_What you should do_
Go through the records and transcribe them exactly, passing over any picture.

* * *

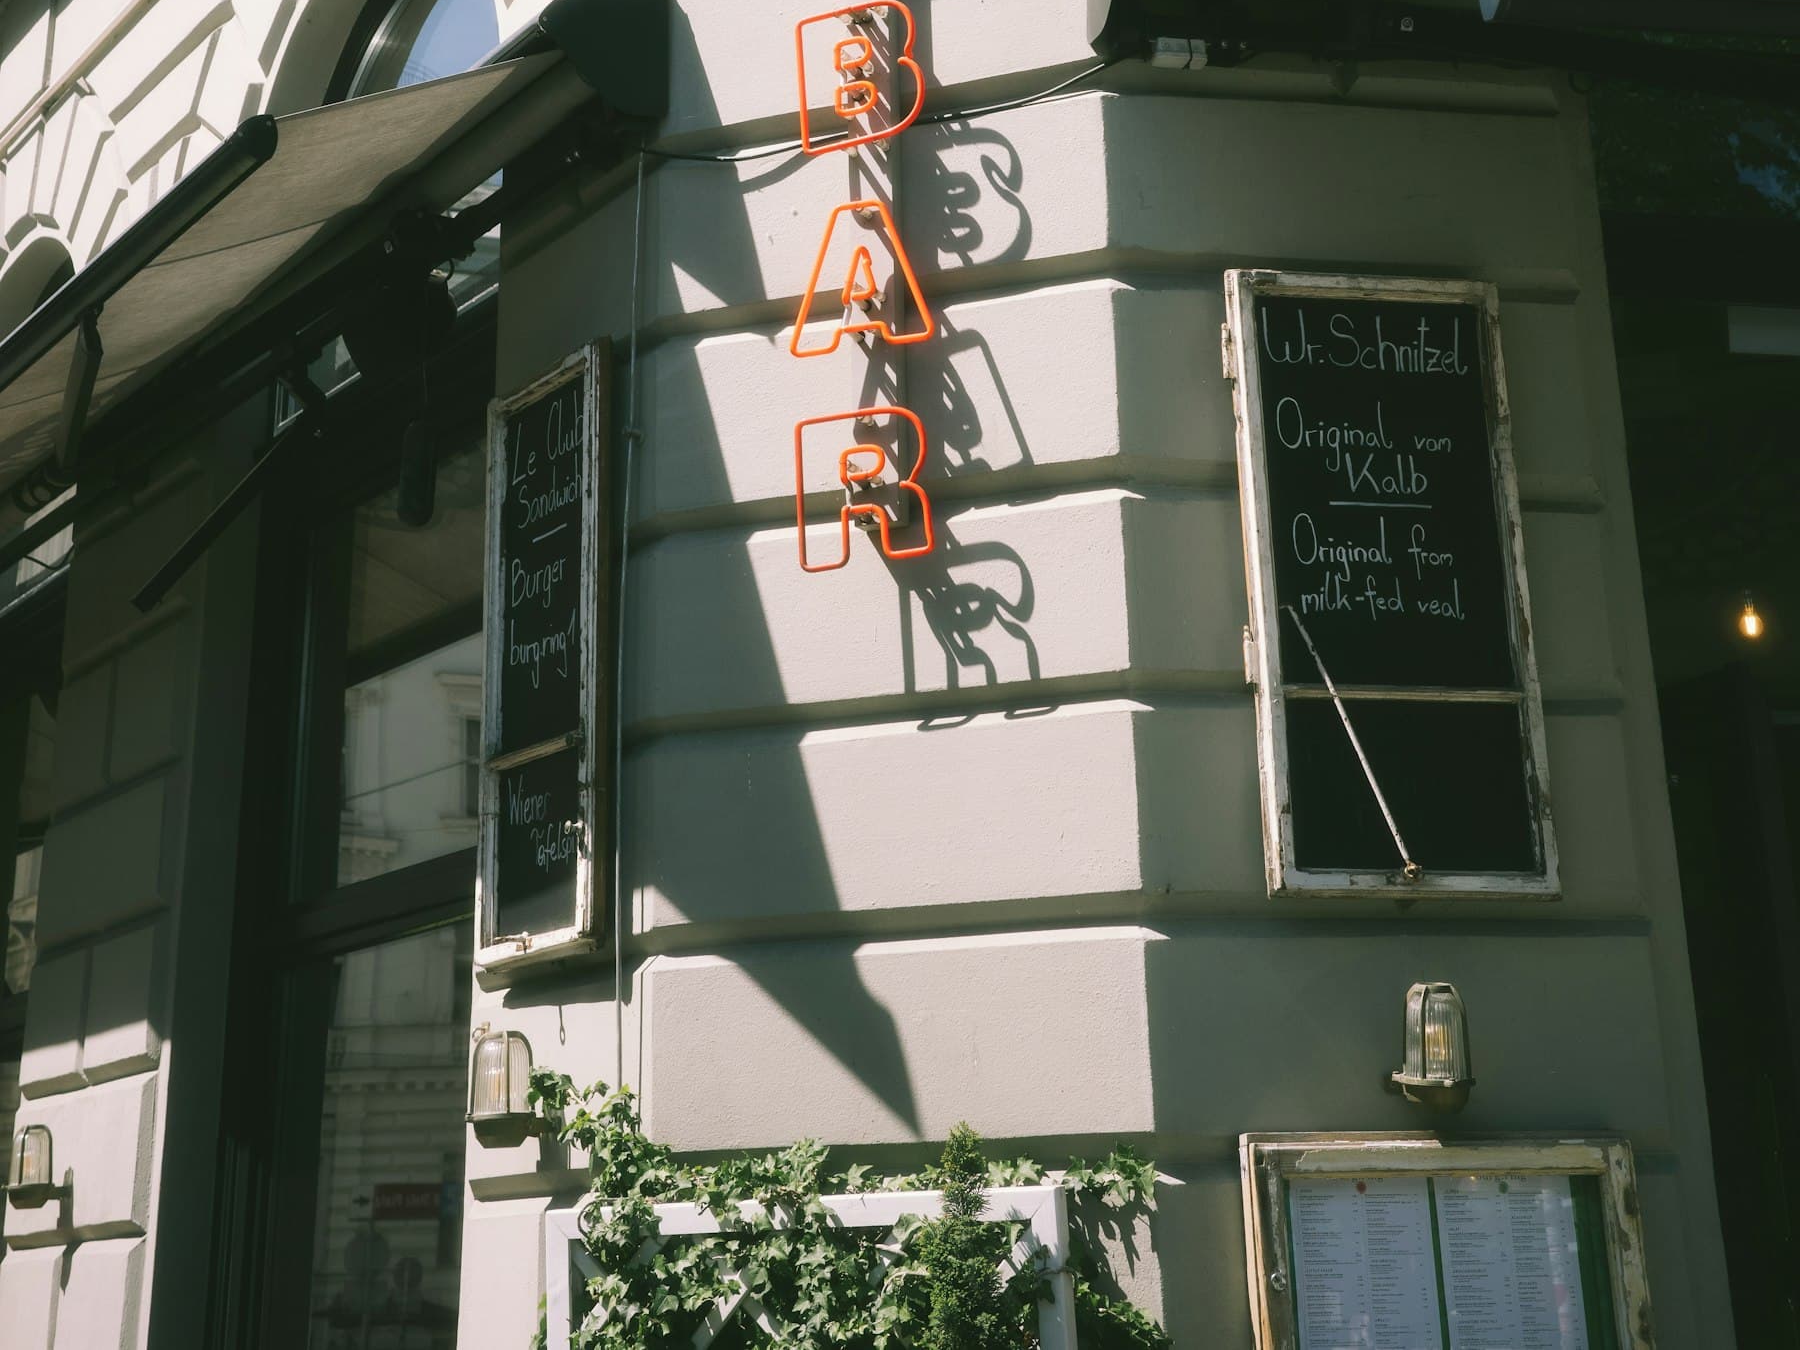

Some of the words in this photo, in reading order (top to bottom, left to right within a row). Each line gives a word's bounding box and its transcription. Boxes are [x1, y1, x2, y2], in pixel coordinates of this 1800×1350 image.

[511, 422, 537, 486] Le
[547, 389, 584, 461] Club
[1276, 396, 1393, 472] Original
[517, 450, 583, 530] Sandwich
[1345, 452, 1428, 495] Kalb
[1292, 513, 1392, 582] Original
[1407, 524, 1454, 581] from
[511, 556, 568, 609] Burger
[1301, 571, 1405, 621] milk-fed
[1417, 577, 1465, 621] veal
[507, 773, 552, 826] Wiener
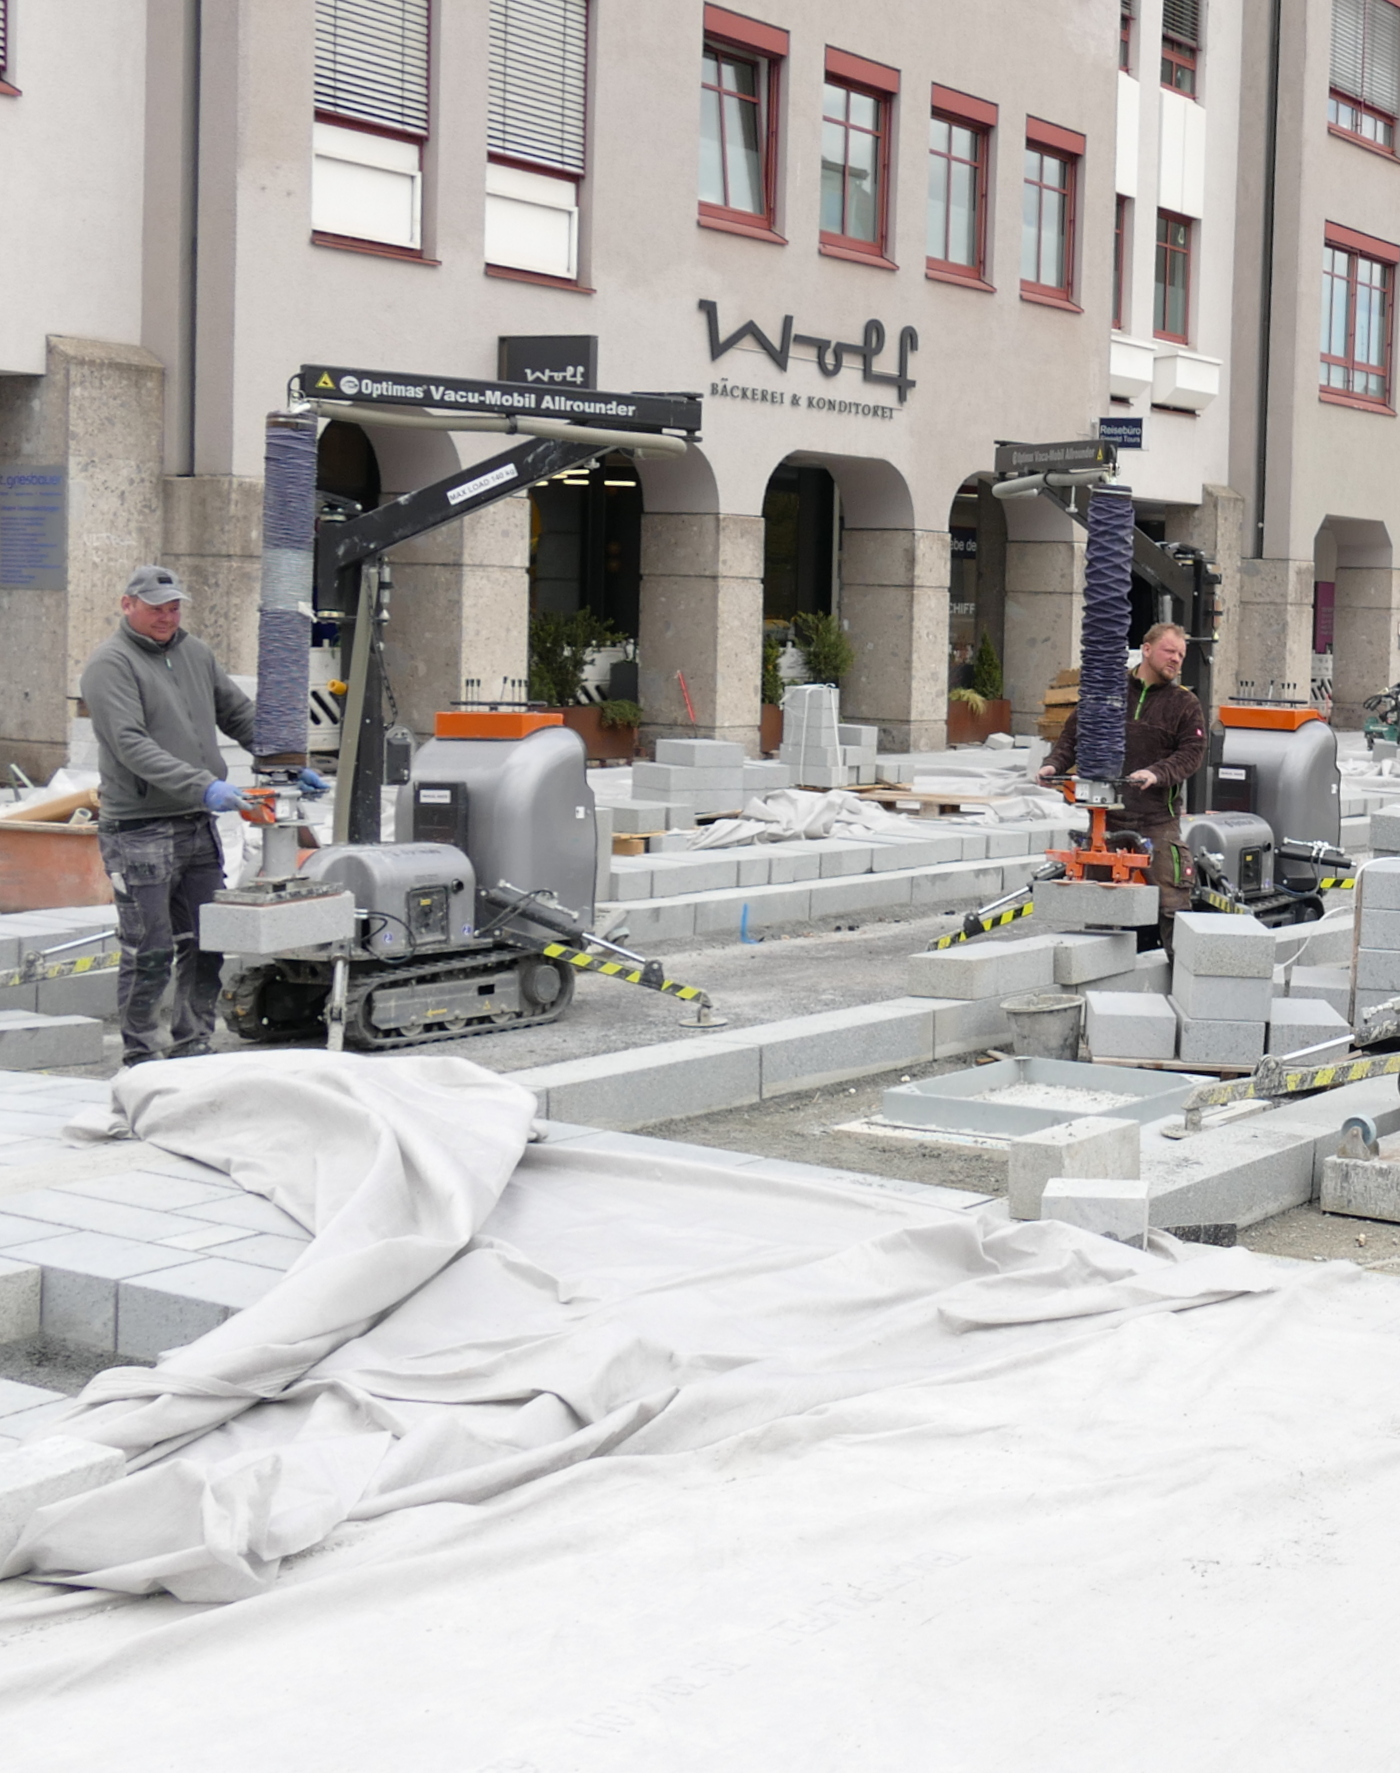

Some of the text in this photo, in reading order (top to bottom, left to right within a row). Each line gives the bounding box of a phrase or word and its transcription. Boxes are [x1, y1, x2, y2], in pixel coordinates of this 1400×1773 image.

[697, 298, 919, 404] Wolf
[361, 378, 637, 417] Optimas Vacu-Mobil Allrounder
[710, 377, 895, 420] BÄCKEREI & KONDITOREI
[1100, 425, 1142, 436] Reisebüro
[449, 489, 467, 501] MAX
[468, 478, 490, 493] LOAD
[491, 472, 505, 482] 140

* * *

_Exercise output_
Some of the words in this photo, in reading order (top to bottom, left to right within a row). Each line gives a word's bounding box and its transcription. Boxes are [x1, y1, x2, y2], in pixel coordinates of this 1800×1350 image.

[511, 422, 537, 486] Le
[547, 389, 584, 461] Club
[1276, 396, 1393, 472] Original
[517, 450, 583, 530] Sandwich
[1345, 452, 1428, 495] Kalb
[1292, 513, 1392, 582] Original
[1407, 524, 1454, 581] from
[511, 556, 568, 609] Burger
[1301, 571, 1405, 621] milk-fed
[1417, 577, 1465, 621] veal
[507, 773, 552, 826] Wiener

Some of the text in this photo, in reading order (top to bottom, left to right within a row). Each line gives the bounding box of a phrase or word and its transcription. Boxes are [x1, y1, x2, y2], in pixel coordinates of this 1400×1773 image.

[697, 298, 919, 404] Wolf
[361, 378, 637, 417] Optimas Vacu-Mobil Allrounder
[710, 377, 895, 420] BÄCKEREI & KONDITOREI
[1100, 425, 1142, 436] Reisebüro
[449, 489, 467, 501] MAX
[468, 478, 490, 493] LOAD
[491, 472, 505, 482] 140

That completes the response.